When challenged, it retreats to increasingly abstract hypotheticals about what "could" happen rather than what evidence shows did happen.

This demonstrates how seemingly technical arguments can fail basic principles of evidence and logic, while maintaining surface-level plausibility through domain-specific terminology. This kind of reasoning would not pass basic scrutiny in any rigorous research context.

  • > Attempting to justify potential misconduct through semantic technicalities ("well, validation isn't technically training")

    Validation is not training, period. I'll ask again: what is the possible goal of accessing the evaluation set if you don't plan to use it for anything except the final evaluation, which is what the test set is used for? Either they just asked for access without any intent to use the provided data in any way except for final evaluation, which can be done without access, or they did somehow utilize the provided data, whether by training on it (which they verbally promised not to), using it as a validation set, using it to create a similar training set, or something else.

    > This directly contradicts established principles of scientific integrity where the spirit of agreements matters as much as their letter.

    OpenAI is not doing science; they are doing business.

    > This represents a stark logical reversal. The initial argument assumed benchmark manipulation would be meaningful enough to influence investors and industry perception. Now, when challenged, the same metrics are suddenly "meaningless." This is fundamentally inconsistent - either the metrics matter (in which case manipulation would be serious misconduct) or they don't (in which case there's no incentive to manipulate them).

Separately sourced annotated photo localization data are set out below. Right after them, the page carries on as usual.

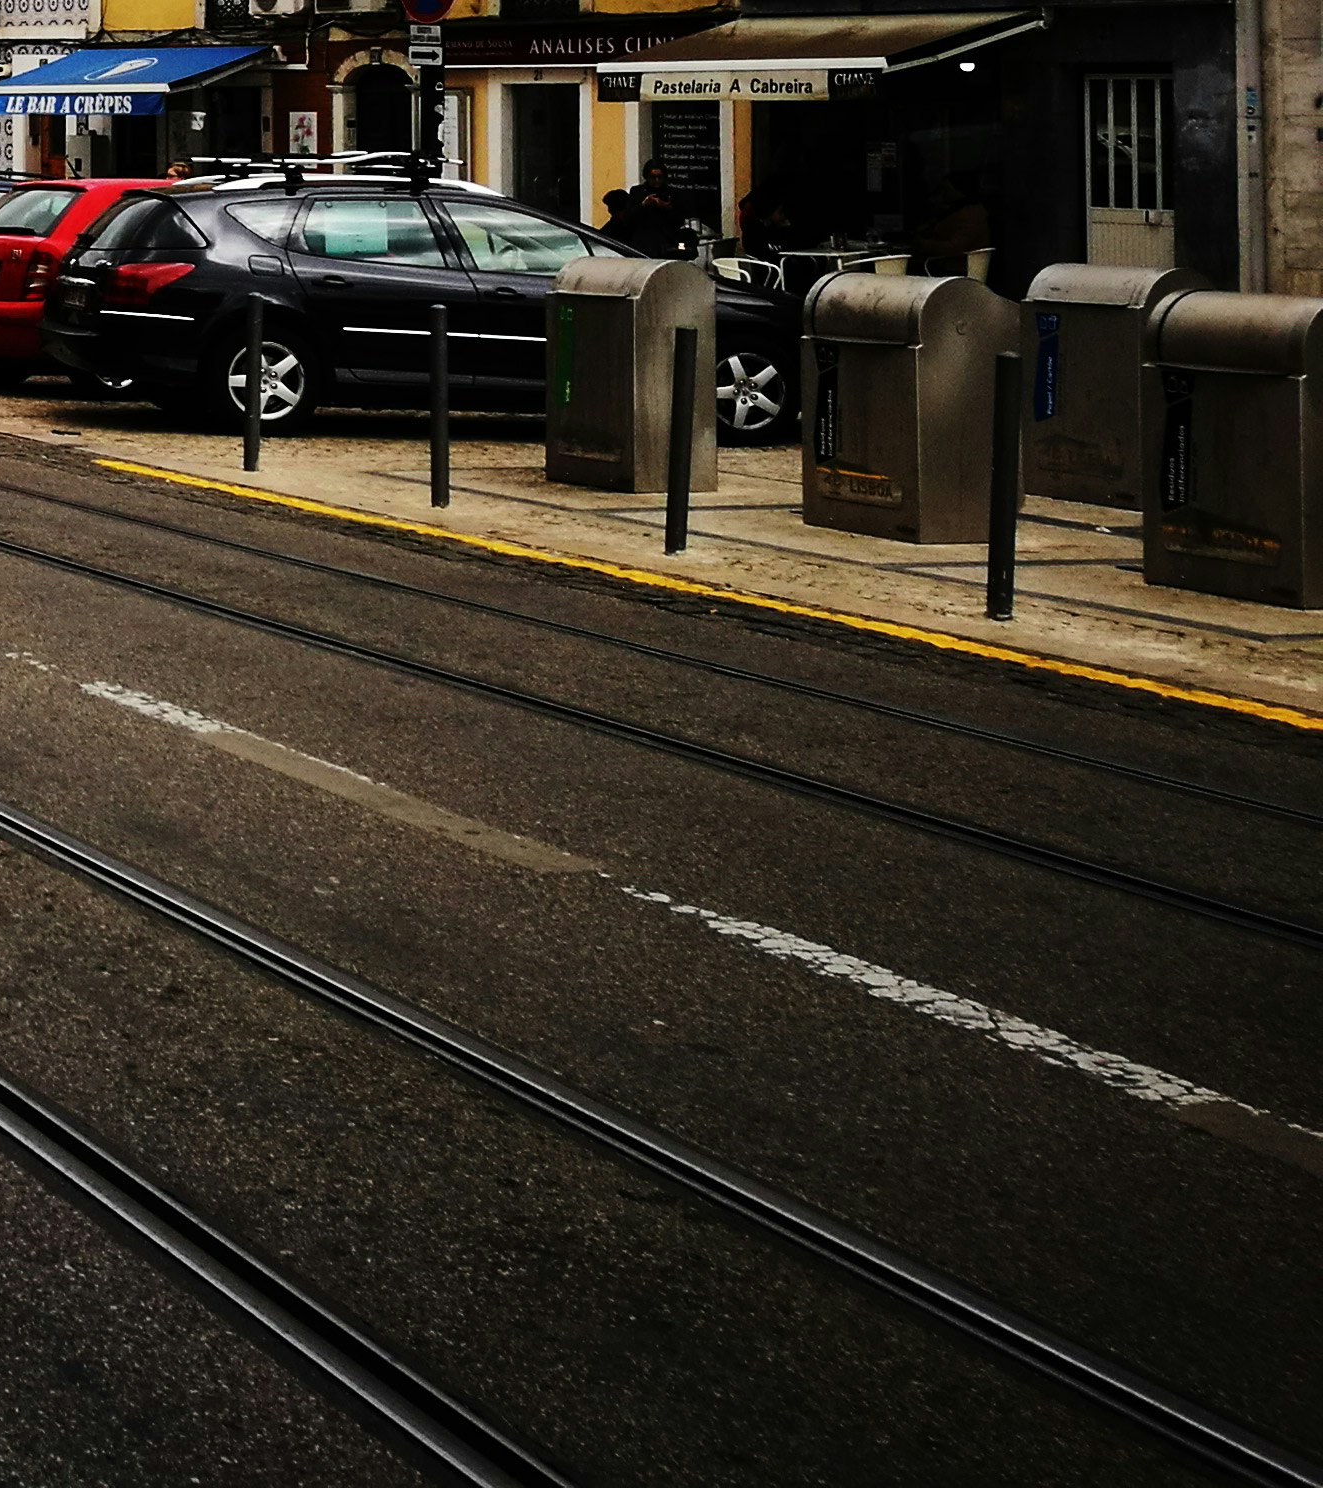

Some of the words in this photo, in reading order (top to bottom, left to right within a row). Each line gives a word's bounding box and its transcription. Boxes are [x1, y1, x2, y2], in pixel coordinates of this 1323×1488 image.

[529, 33, 615, 55] ANÁLISES
[602, 76, 636, 88] CHAVE
[653, 79, 721, 94] Pastelaria
[729, 79, 741, 93] A
[750, 77, 813, 94] Cabreira
[834, 72, 875, 86] CHAVE
[5, 96, 25, 113] LE
[27, 96, 57, 113] BAR
[60, 96, 71, 113] A
[74, 93, 132, 114] CRÊPES

    The metrics matter to people, but this doesn't mean people can meaningfully predict the model's performance using them. If I were trying to describe each of your arguments as some demagogue technique (you're going to call it ad hominem or something, probably), then I'd say it's a false dichotomy: it can, in fact, be impossible to use metrics to predict performance precisely enough and for people to care about metrics simultaneously.

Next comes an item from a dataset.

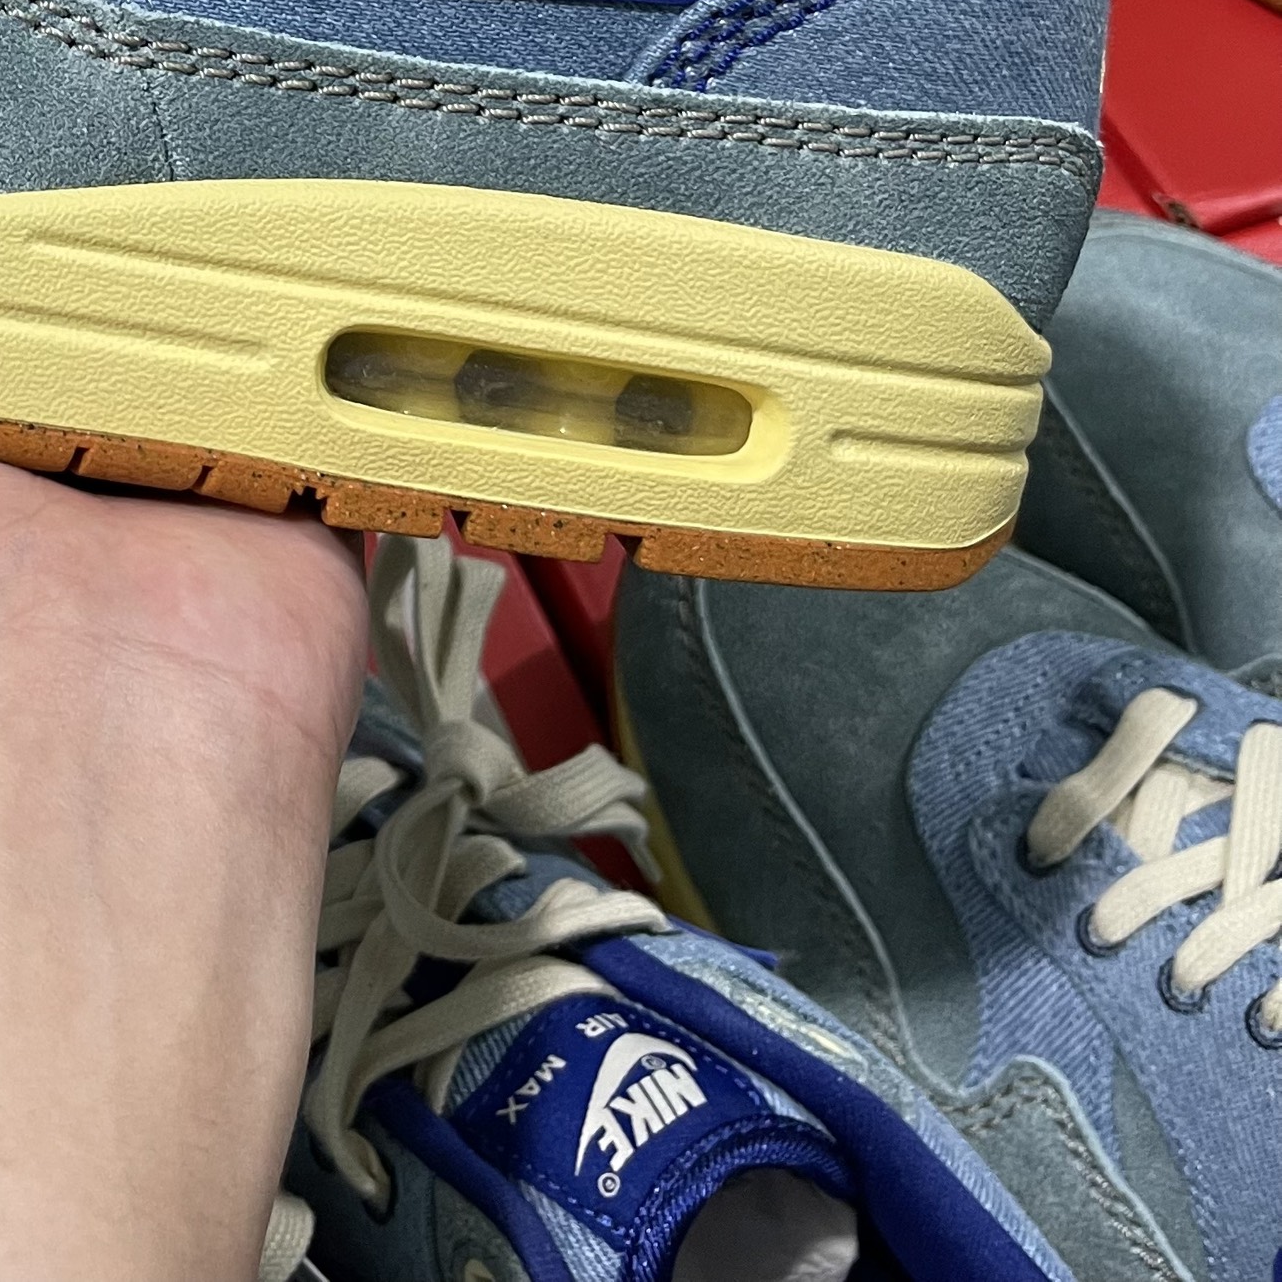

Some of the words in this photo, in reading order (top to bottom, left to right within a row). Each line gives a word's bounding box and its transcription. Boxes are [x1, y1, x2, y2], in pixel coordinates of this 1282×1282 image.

    > The attempted simultaneous appeal to and dismissal of credentials

    I'm not appealing to credentials. Based on what I wrote, you made a wrong guess about my credentials, and I pointed out your mistake.

    > at this point, the argument OpenAI did something rests on unfalsifiable claims about the industry as a whole, claiming insider knowledge, while avoiding any verifiable evidence.

    Your position, on the other hand, rests on the assumption that corporations behave ethically and with integrity beyond what is required by the law (and, specifically, their contracts with other entities).

    • > Validation is not training, period.

      Sure, but what we care about isn't the semantics of the words, its the effects of what they're doing. Iterated validation plus humans doing hyperparameter tuning will go a long way towards making a model fit the data, even if you never technically run backprop with the validation set as input.

      > OpenAI is not doing science; they are doing business.

      Are you implying these are orthogonal? OpenAI is a business centered on an ML research lab, which does research, and which people in the research community have generally come to respect.

      > at this point, the argument OpenAI did something rests on unfalsifiable claims about the industry as a whole, claiming insider knowledge, while avoiding any verifiable evidence.

      No, it doesn't. What OP is doing is critiquing OpenAI for their misbehavior. This is one of the few levers we (who do not have ownership or a seat on their board) have to actually influence their future decisionmaking -- well-reasoned critiques can convince people here (including some people who decide whether their company uses ChatGPT vs. Gemini vs. Claude vs. ...) that ChatGPT is not as good as benchmarks might claim, which in effect makes it more expensive for OpenAI to condone this kind of misbehavior going forward.

      The argument that "no companies are moral, so critiquing them is pointless" is just an indirect way of running cover for those same immoral companies.